Collection entries
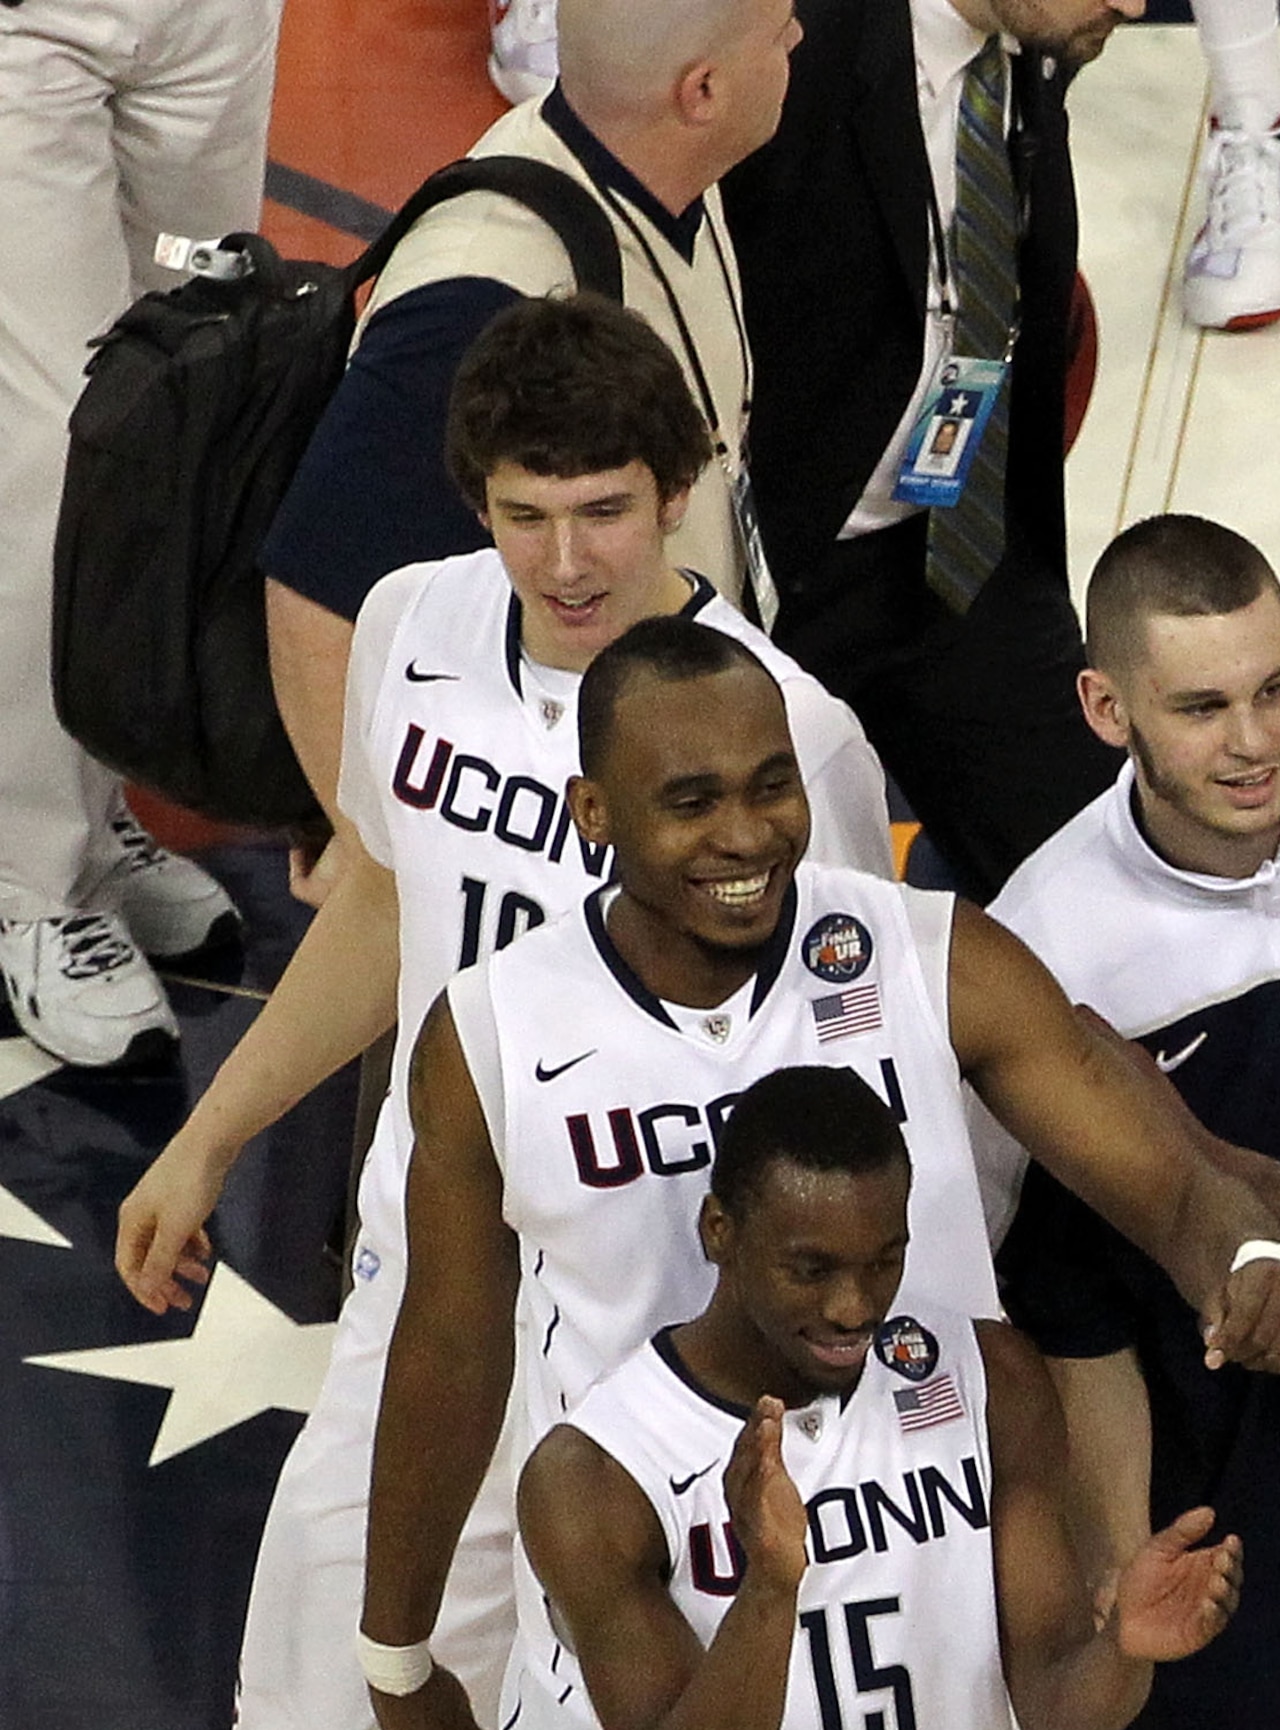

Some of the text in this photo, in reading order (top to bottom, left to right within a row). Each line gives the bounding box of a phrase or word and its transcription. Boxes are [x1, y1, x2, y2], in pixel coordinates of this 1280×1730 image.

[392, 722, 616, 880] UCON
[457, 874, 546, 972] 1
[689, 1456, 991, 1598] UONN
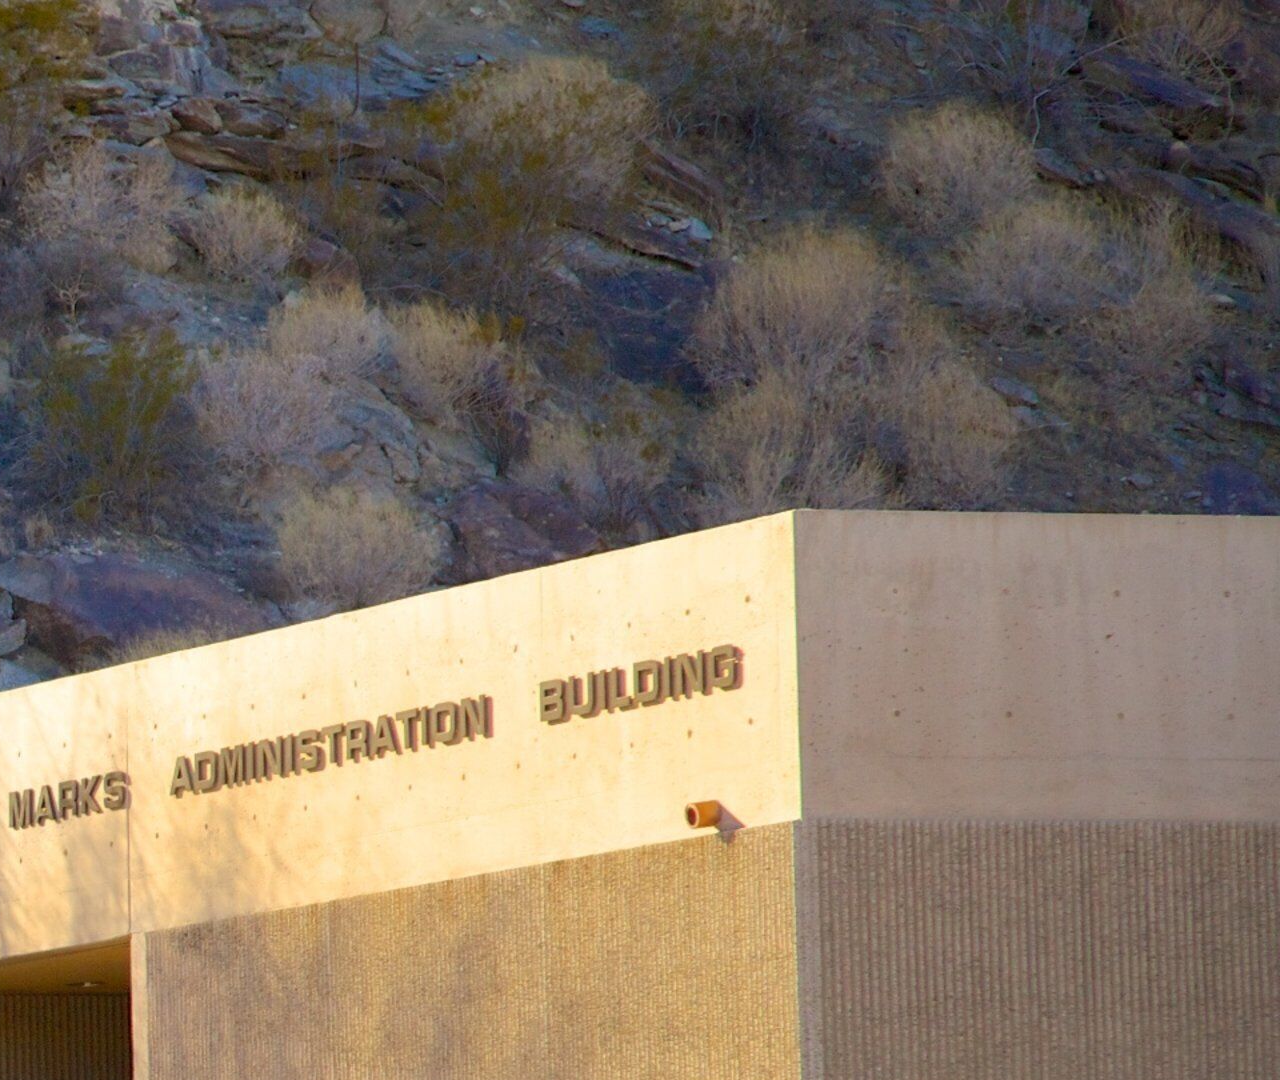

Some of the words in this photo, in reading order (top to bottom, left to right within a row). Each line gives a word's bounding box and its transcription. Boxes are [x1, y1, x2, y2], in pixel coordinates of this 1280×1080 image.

Work task
Each entry above should be reproduced exactly, with the pictures removed.

Result for this task
Some of the text in this photo, in reading order (top to bottom, left to right within a row). Each line gives the bounding box of a phrase or word and its transcription. Boxes are [x1, y1, x2, y2], in pixel coordinates of this 1280×1730 image.

[392, 722, 616, 880] UCON
[457, 874, 546, 972] 1
[689, 1456, 991, 1598] UONN

Some of the words in this photo, in reading order (top to bottom, left to right within a row). Each line gives a word's bounding box and its transcription. Boxes are [x1, y1, x2, y2], in pixel coordinates of this 1280×1080 image.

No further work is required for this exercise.